CFA Practice Question

CFA Practice Question

The reason lenders don't like inflations is:
I. Lenders normally is not compensated for higher than expectation inflation levels.
II. If inflation is lower than expectations, lenders actually make some extra "profits" from the inflation expectations. However, lenders are generally not compensated for the uncertainty here.
III. Inflation causes nominal interest rates to be higher than real interest rates.
A. I and II.
B. I, II and III.
C. I and III.
Explanation: Inflation expectation is normally integrated into loan interest rate. If actual inflation is higher than this over the loan period, then lenders will lose some of the purchasing power of the loaned principal.

User Contributed Comments 10

User Comment
danlan I think III is right also.
mtcfa I guess III may be false if there is deflation. But I thought it was correct as well.
eddeb (1+NRFR)=(1+real)*(1+Inlf)

III should be right... Don't understand
nike III is a correct statement but not the reason why lenders don't like inflations. The reason has to do with expectations and the lender know already that inflations make nominal r > real r.
mark98007 II is wrong; they price according to expectations; sometimes they gain, sometimes they lose... the times they gain ARE a form of compensation;
jjohnson II is correct. Lenders are risk-averse like normal people. Although the expected value of inflationary payoffs is certain, they don't like the variation of such payoffs. The variation, or the risk, is what is not compensated.

Think about this: you are given two choices. One is to receive $10,000 but the chance is 10%. Another is to receive $1,000. The expected value of the two choices is the same but the first choice is risky.
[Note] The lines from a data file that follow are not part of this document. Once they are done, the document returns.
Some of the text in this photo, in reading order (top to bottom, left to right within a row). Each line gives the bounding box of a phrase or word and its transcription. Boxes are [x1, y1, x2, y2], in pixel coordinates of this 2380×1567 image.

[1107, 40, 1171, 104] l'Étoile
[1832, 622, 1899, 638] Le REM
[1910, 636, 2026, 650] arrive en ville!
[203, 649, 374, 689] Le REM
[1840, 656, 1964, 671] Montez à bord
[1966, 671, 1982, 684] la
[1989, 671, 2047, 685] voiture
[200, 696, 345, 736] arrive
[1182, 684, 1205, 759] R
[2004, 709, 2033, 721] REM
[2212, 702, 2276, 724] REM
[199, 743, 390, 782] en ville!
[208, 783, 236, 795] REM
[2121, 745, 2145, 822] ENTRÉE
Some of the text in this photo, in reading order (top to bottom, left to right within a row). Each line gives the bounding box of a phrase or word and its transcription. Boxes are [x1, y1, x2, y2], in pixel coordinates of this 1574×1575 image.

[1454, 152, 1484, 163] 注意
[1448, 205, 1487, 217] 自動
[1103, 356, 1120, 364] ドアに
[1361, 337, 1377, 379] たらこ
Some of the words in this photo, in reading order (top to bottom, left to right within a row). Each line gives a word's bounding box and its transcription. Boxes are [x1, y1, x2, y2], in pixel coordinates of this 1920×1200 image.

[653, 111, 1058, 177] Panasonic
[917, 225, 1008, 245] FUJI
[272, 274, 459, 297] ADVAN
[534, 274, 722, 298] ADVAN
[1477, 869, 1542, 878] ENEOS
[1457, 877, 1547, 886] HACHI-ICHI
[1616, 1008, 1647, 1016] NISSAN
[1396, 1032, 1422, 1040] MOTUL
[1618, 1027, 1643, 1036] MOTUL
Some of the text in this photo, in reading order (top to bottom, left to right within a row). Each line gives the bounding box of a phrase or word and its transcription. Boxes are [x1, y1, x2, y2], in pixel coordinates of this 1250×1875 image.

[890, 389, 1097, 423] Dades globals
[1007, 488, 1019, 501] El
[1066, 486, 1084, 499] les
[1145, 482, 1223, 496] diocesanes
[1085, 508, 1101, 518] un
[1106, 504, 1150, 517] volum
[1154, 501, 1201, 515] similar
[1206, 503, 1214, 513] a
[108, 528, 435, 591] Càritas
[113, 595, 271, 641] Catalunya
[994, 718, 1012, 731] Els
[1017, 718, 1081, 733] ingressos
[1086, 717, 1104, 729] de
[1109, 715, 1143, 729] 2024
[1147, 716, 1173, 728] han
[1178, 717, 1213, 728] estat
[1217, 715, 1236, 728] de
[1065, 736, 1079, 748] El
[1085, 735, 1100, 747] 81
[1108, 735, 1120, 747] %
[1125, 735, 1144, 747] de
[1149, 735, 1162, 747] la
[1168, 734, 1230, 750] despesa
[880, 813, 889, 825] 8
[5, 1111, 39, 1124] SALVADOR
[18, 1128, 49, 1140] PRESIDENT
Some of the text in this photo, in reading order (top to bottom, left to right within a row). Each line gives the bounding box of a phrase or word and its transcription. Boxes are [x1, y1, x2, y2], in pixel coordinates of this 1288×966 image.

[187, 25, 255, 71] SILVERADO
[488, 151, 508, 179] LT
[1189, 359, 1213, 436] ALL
Normal people would ask for a compensation in order to take choice 1.
Dinosaur III is a correct statement but it is not the reason why lenders don't like inflation.
akjohn1 I agree that III is a correct statement. I also think this is one of the reasons lenders don't like inflation. My example will be hyperbolic, but will illustrate the point nonetheless.

Consider a lender who lends at 10% and expects inflation to be nonexistant. The real interest rate he captures if this comes to fruition is 10%. If the lender's expectations are incorrect and inflation is actually 10%, then his nominal interest rate is 10%, but his real interest rate is 0%, and he does not capture any real benefit by lending. This is one of the reasons lenders don't like inflation. It's because nominal IR being above real IR eats into their economic profits of lending.
aragarwal as per the definition of the nominal interest rate from wikipedia.( Nominal interest rate doesnt take inflation into account compared to real interest rate)....so iii is wrong.
moneyguy well if wikipedia says so, it must be so...
Come on, aragarwal!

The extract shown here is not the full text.